In der Zwischenzeit suchten wir ein wenig in Teresas speziellen Chemiebüchern, um vielleicht selbst irgendeine Art und Weise herauszufinden, wie man die Pralienen und Bonbons untersuchen könnte. Da uns das aber zu blöd wurde, nach zwanzig Minuten ohne Erfolg, beschlossen wir einfach zu quatschen.
"Was ist, wenn das bloß eine kleine Nascherei von jemandem ist, der dort unten arbeitet?", fragte Flavia. "Dann sind die Pralinen doch vollkommen okay und gut."

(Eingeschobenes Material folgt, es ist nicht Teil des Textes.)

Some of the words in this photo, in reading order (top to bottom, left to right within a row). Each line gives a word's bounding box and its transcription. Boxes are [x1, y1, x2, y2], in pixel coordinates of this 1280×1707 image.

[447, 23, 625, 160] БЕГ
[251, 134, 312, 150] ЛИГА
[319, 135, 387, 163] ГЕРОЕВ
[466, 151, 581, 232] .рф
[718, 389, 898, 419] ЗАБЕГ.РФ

"Mag ja sein, aber das können wir ja nicht wissen. Ich weiß, dass ich vielleicht auch einfach wieder zu viel in etwas hinein interpretiere, aber wer weiß, das könnte unsere erste richtige Spur zu irgendwas sein."
"Aber zu was, Alexandra?"
"Genau das ist es doch!", sagte ich intensiv und stand jetzt auf, um besser mit meinen Armen herumzufuchteln. "Wir wurden urplötzlich einfach vom Kloster weggeholt. Wir kamen hier hin, um einer ehemaligen Spionin zu helfen. Uns wurde erzählt, was hier auf dem Schloss vorsich geht, aber so richtig macht das kein Sinn für mich! Ich weiß auch nicht wieso, aber das alles hier gefällt mir nicht. Dazu kommt Marianna mit ihrer Rache! Das ist doch alles einfach nur bescheuert!"
Flavia ließ sich alles durch den Kopf gehen und nickte dabei leicht.

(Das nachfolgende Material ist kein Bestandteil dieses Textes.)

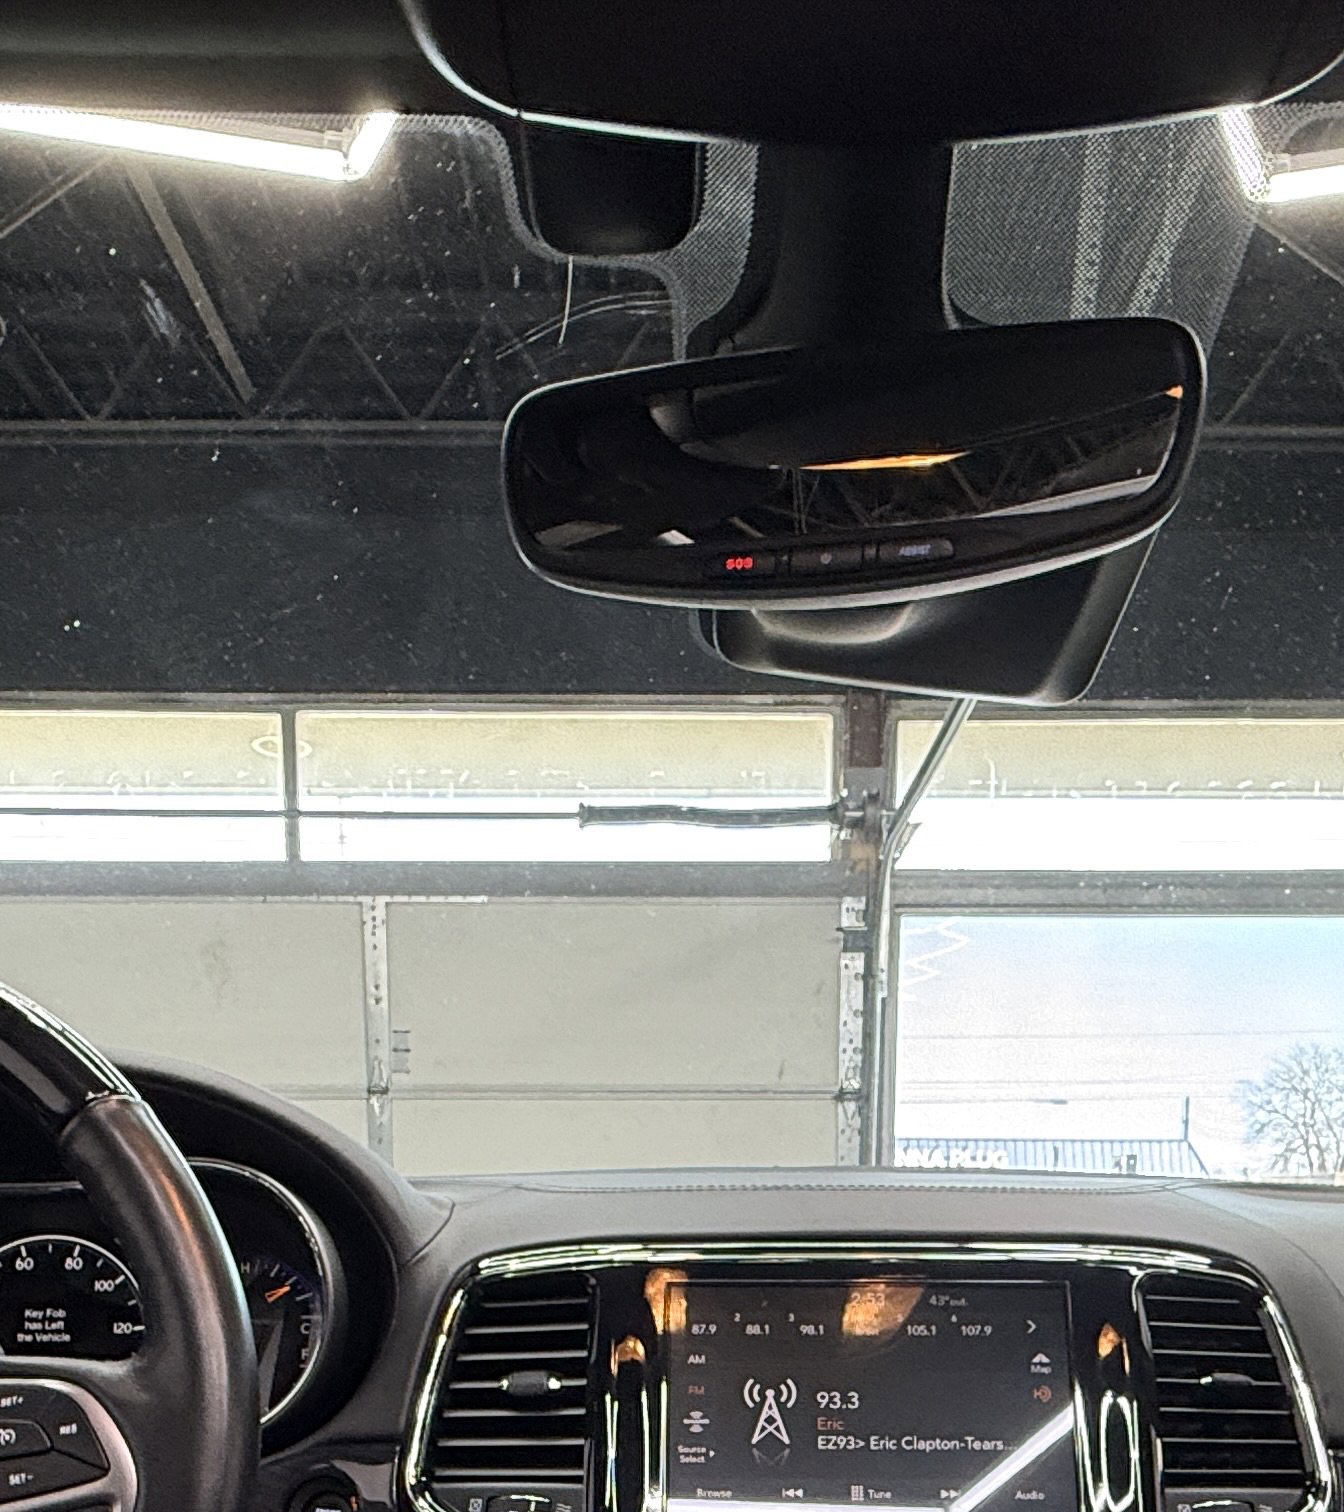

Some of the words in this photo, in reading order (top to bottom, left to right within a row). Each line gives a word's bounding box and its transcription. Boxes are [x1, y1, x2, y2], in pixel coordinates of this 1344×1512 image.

"Dazu kommt, dass ich gehört habe, wie die Prinzessin eigentlich gar nicht heiraten will und ein Auge auf unsere Jungs geworfen hat! Das ist doch totaler Quark!" Ich musste zugeben, vielleicht spielte da ein kleines bisschen Eifersucht mit. Ich meine, sie ist echt hübsch und wer wollte bitte keine Prinzessin als Frau?
"Wie bitte?! Das heißt sie findet Luca toll?!" Flavia sah jetzt gar nicht mehr so ruhig aus.
"Bleib ruhig, Flav. Schließlich ist Eliana immer noch seine Freundin und wie es aussieht mag er sie." Sie schnaubte.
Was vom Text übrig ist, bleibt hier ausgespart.